Work order >> Copy each line below word for word and drop every image.

>>

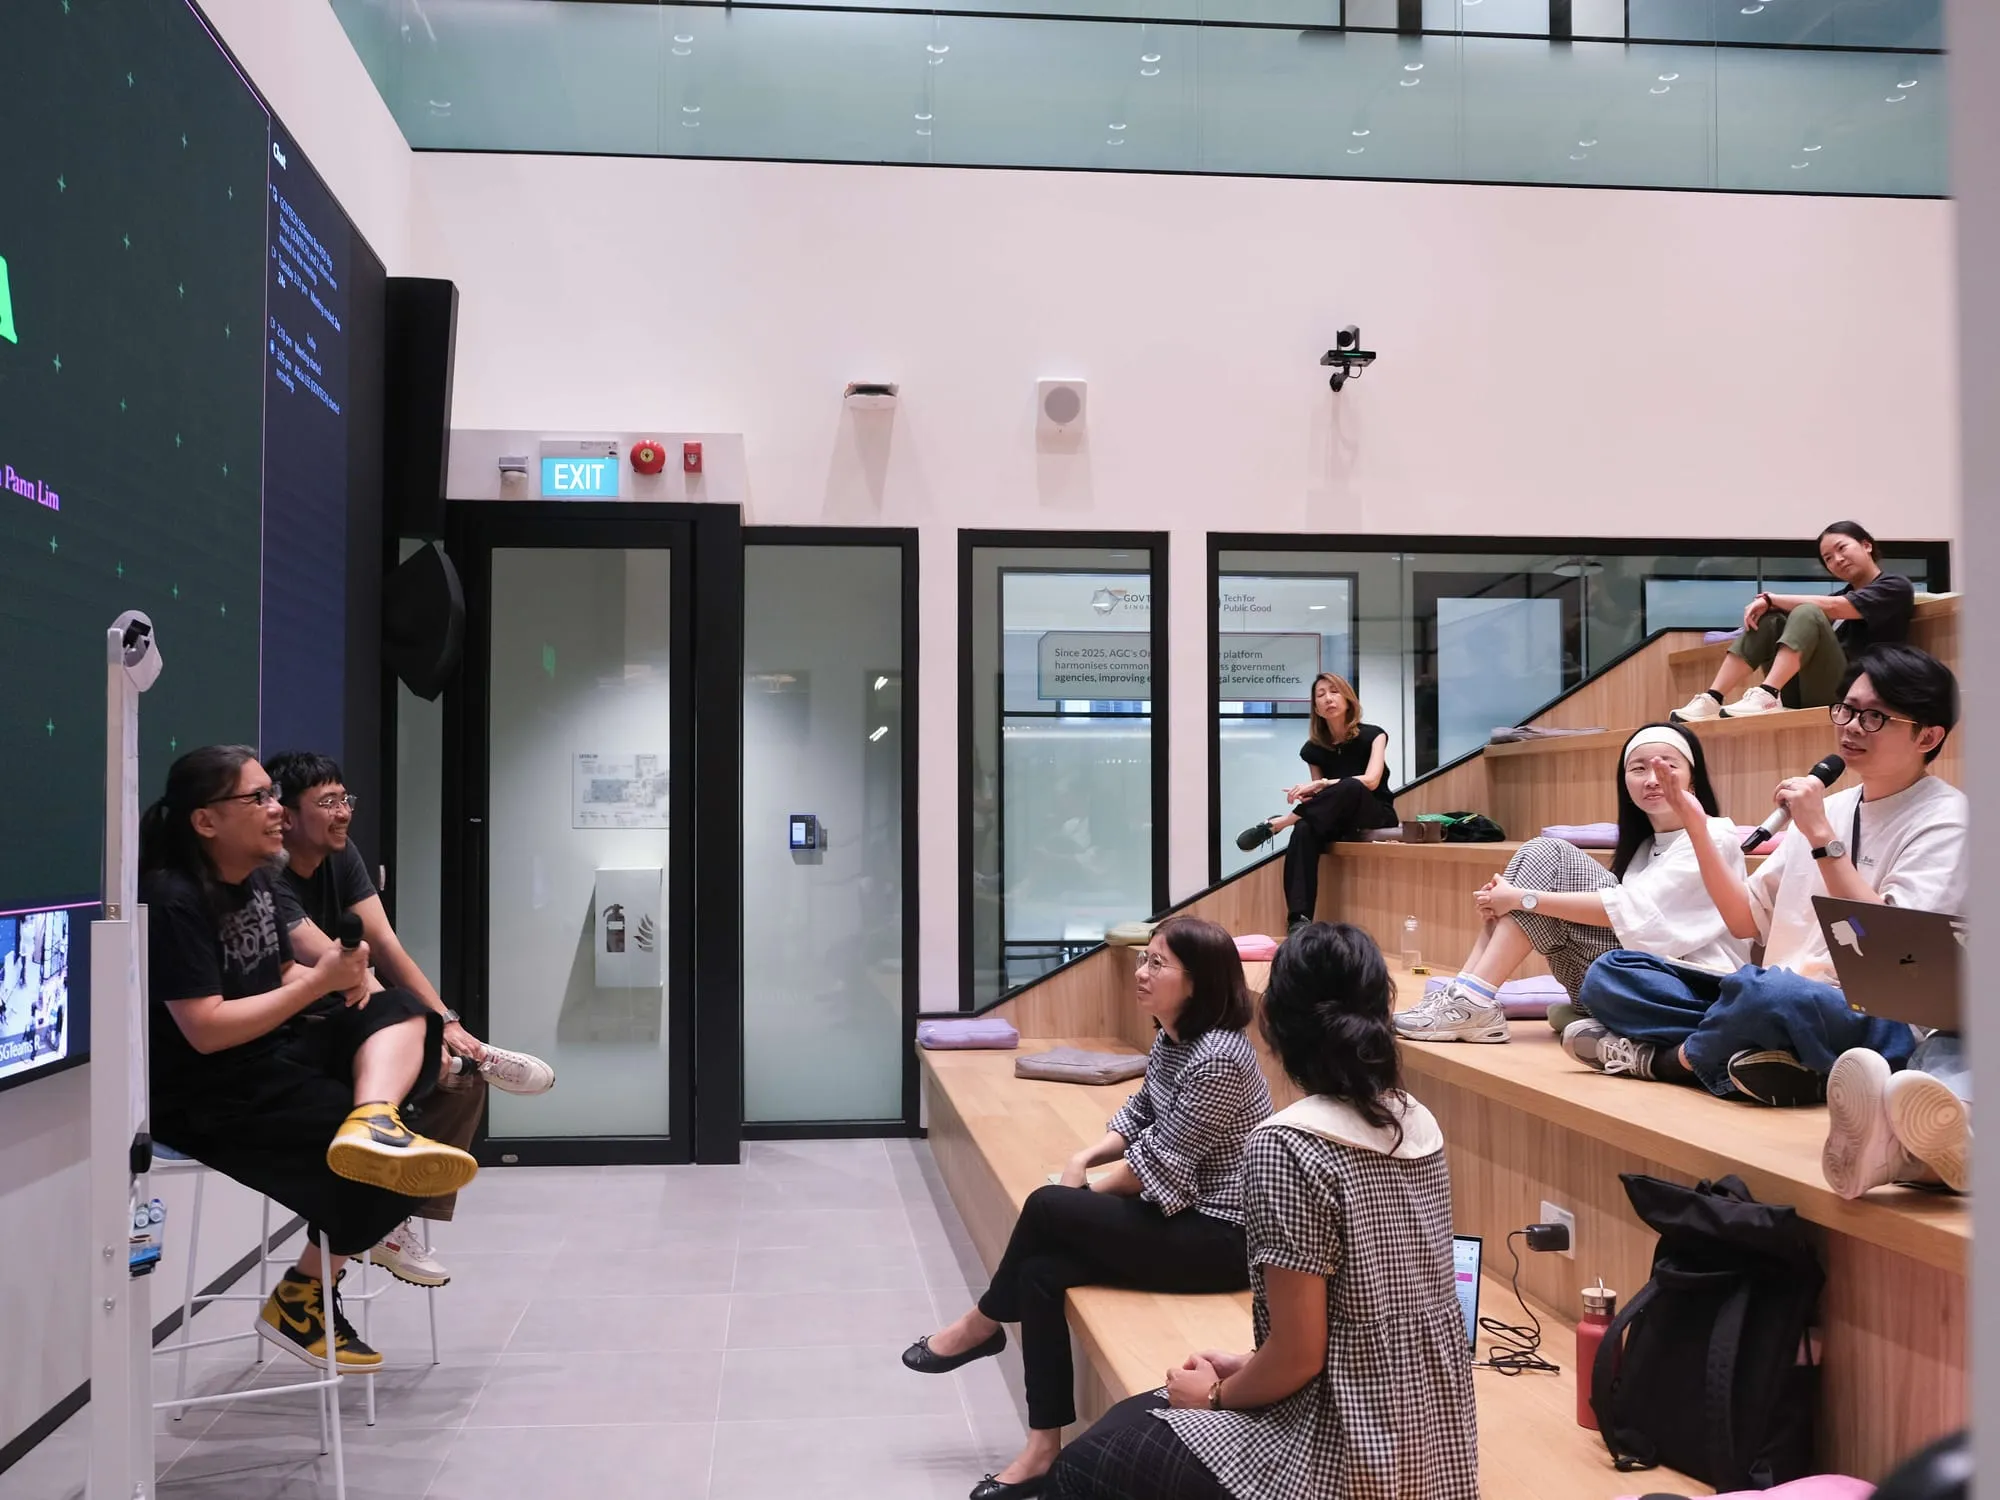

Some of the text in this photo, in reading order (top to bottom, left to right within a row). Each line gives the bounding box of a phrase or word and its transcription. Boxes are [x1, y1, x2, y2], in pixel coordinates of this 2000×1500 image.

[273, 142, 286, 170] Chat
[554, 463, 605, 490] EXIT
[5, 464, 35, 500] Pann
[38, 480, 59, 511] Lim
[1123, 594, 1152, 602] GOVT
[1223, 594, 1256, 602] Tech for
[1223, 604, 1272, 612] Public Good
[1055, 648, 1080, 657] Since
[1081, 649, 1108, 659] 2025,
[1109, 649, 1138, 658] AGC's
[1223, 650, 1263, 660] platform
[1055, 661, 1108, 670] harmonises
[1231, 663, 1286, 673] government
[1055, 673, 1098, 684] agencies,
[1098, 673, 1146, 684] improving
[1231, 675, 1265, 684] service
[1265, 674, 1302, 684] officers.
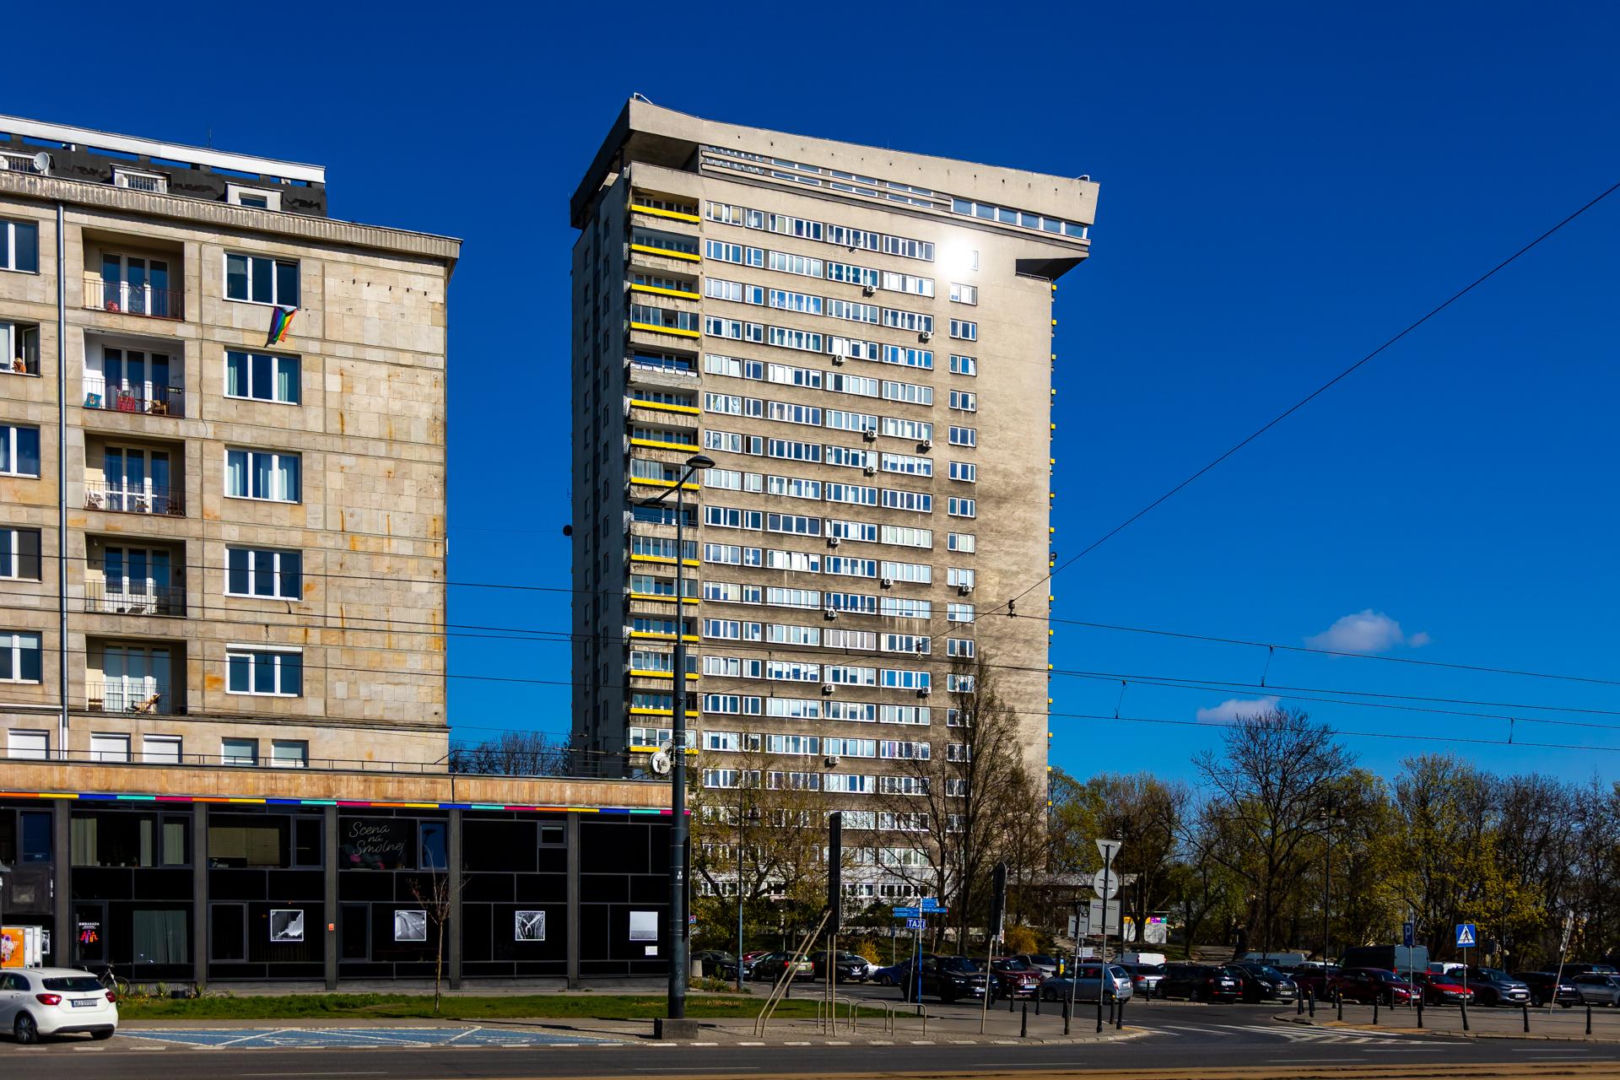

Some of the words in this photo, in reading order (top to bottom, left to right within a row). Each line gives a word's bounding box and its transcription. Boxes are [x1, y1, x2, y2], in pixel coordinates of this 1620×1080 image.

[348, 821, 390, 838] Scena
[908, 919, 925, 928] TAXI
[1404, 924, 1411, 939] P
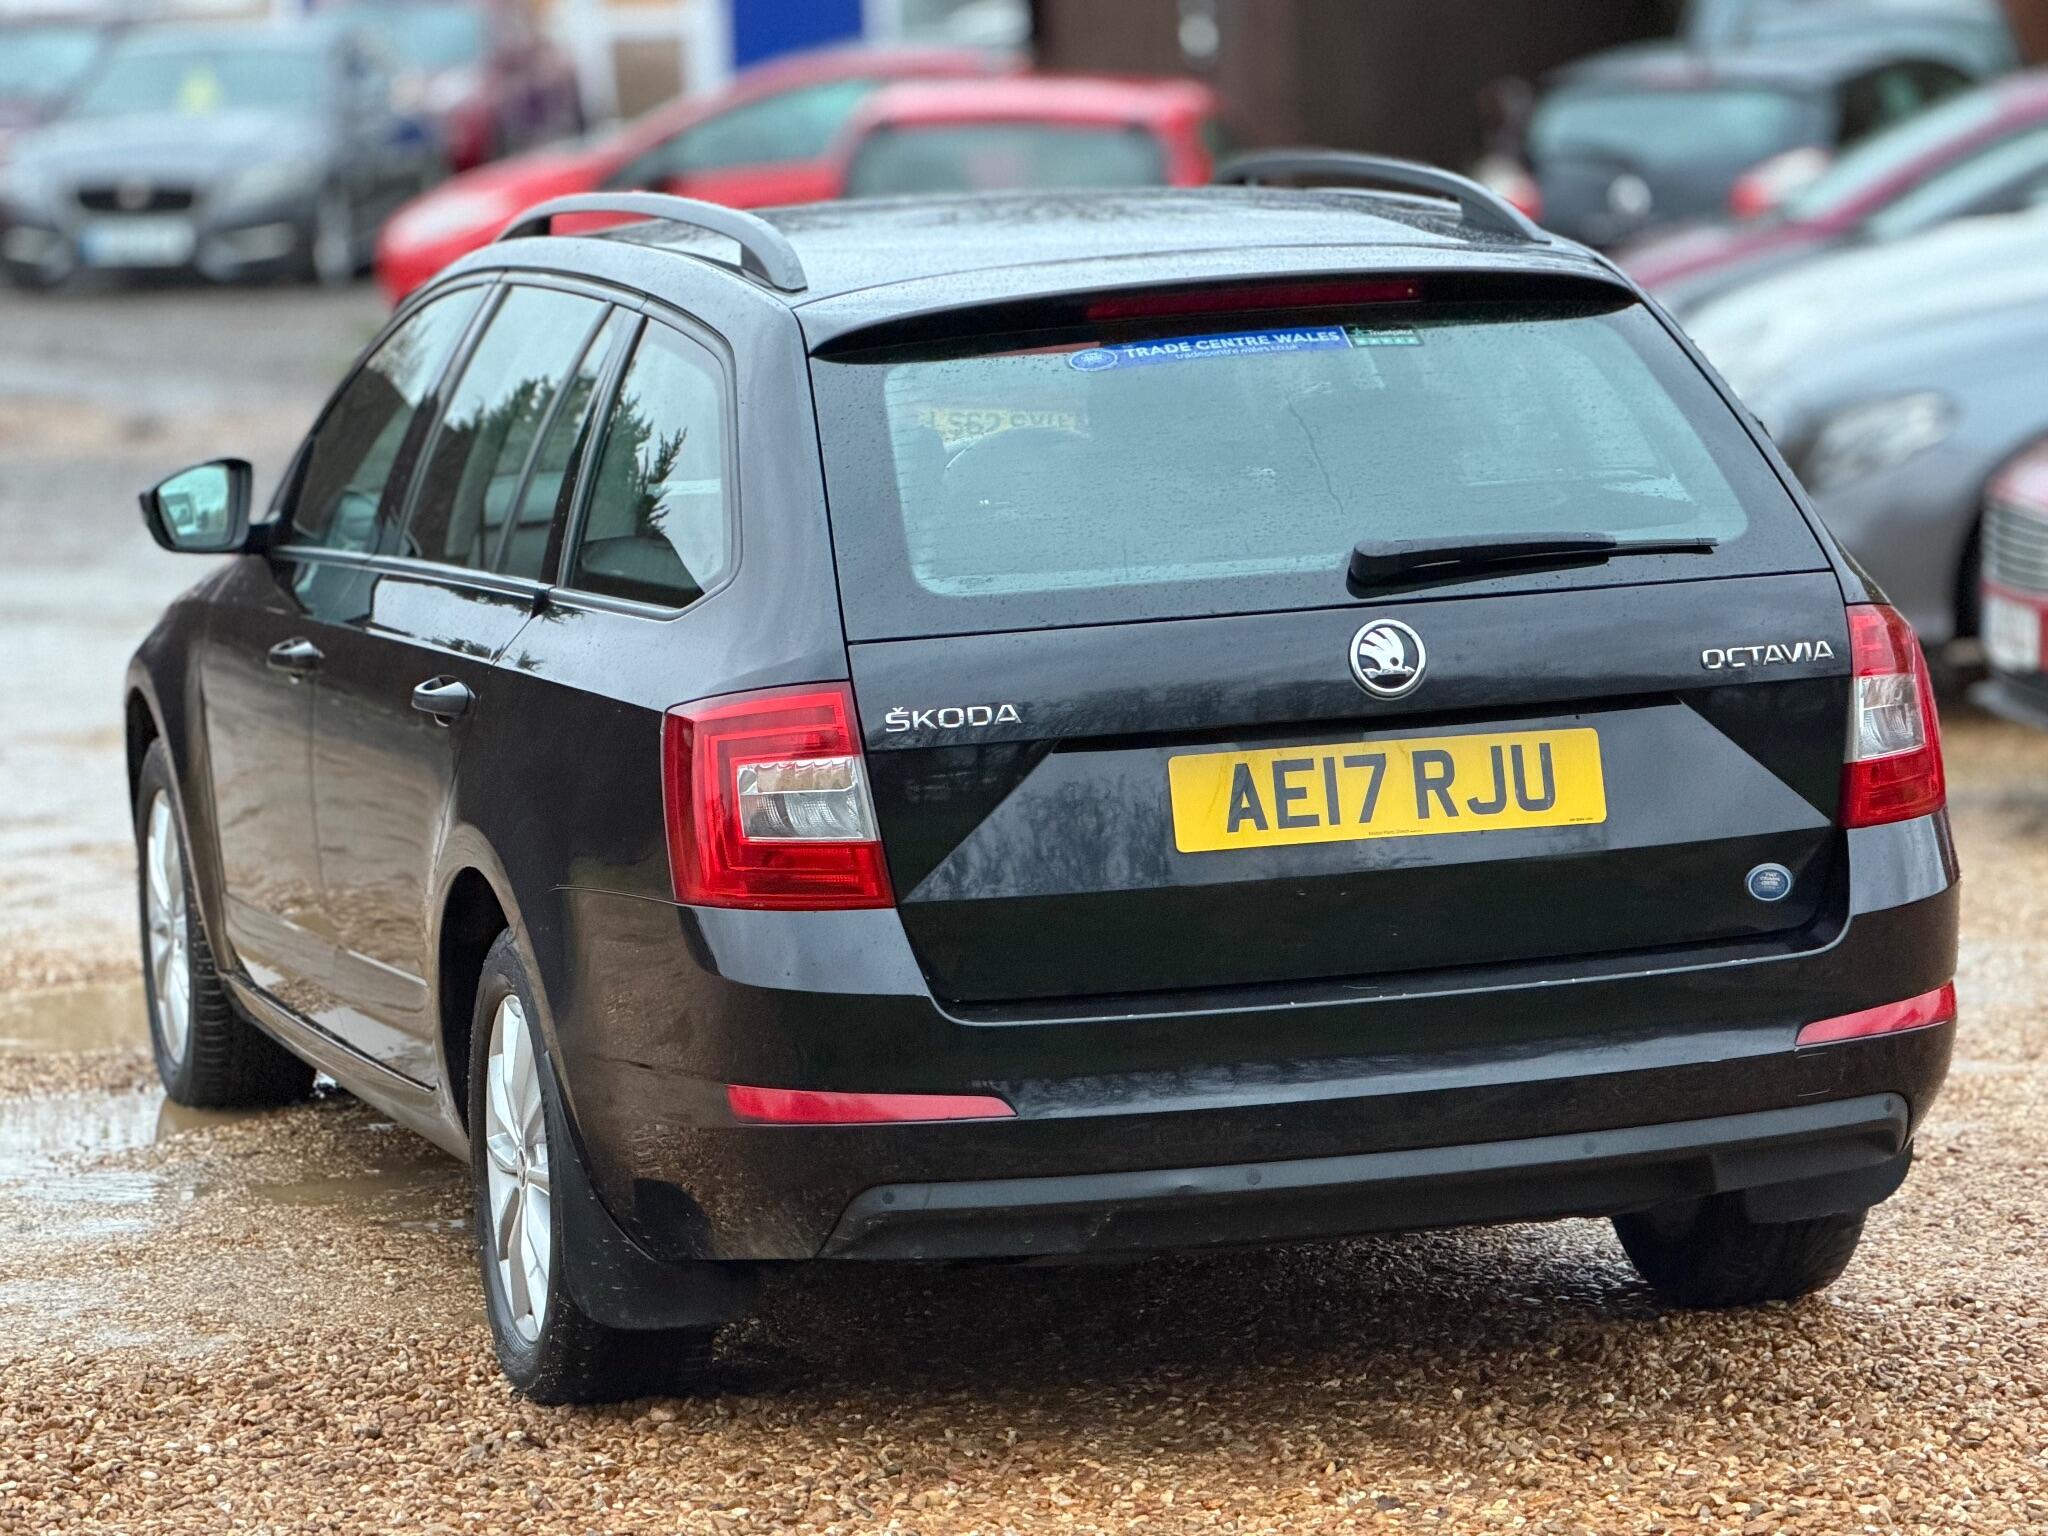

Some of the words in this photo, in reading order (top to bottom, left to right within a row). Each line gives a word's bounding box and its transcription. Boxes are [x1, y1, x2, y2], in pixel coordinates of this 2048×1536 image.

<<

Answer box >>
Some of the text in this photo, in reading order (top to bottom, left to right within a row). Each line gives the bounding box of a phrase or word and its transcription. Boxes are [x1, y1, x2, y2], in pixel coordinates of this 2000×1500 image.

[273, 142, 286, 170] Chat
[554, 463, 605, 490] EXIT
[5, 464, 35, 500] Pann
[38, 480, 59, 511] Lim
[1123, 594, 1152, 602] GOVT
[1223, 594, 1256, 602] Tech for
[1223, 604, 1272, 612] Public Good
[1055, 648, 1080, 657] Since
[1081, 649, 1108, 659] 2025,
[1109, 649, 1138, 658] AGC's
[1223, 650, 1263, 660] platform
[1055, 661, 1108, 670] harmonises
[1231, 663, 1286, 673] government
[1055, 673, 1098, 684] agencies,
[1098, 673, 1146, 684] improving
[1231, 675, 1265, 684] service
[1265, 674, 1302, 684] officers.

Some of the words in this photo, in reading order (top to bottom, left to right within a row). Each line gives a word's bounding box and its transcription. Boxes are [x1, y1, x2, y2], in pixel coordinates of this 1620×1080 image.

[348, 821, 390, 838] Scena
[908, 919, 925, 928] TAXI
[1404, 924, 1411, 939] P

Some of the words in this photo, in reading order (top to bottom, left to right within a row). Each line gives a word's bounding box and its transcription. Boxes are [x1, y1, x2, y2], in pixel coordinates of this 2048×1536 image.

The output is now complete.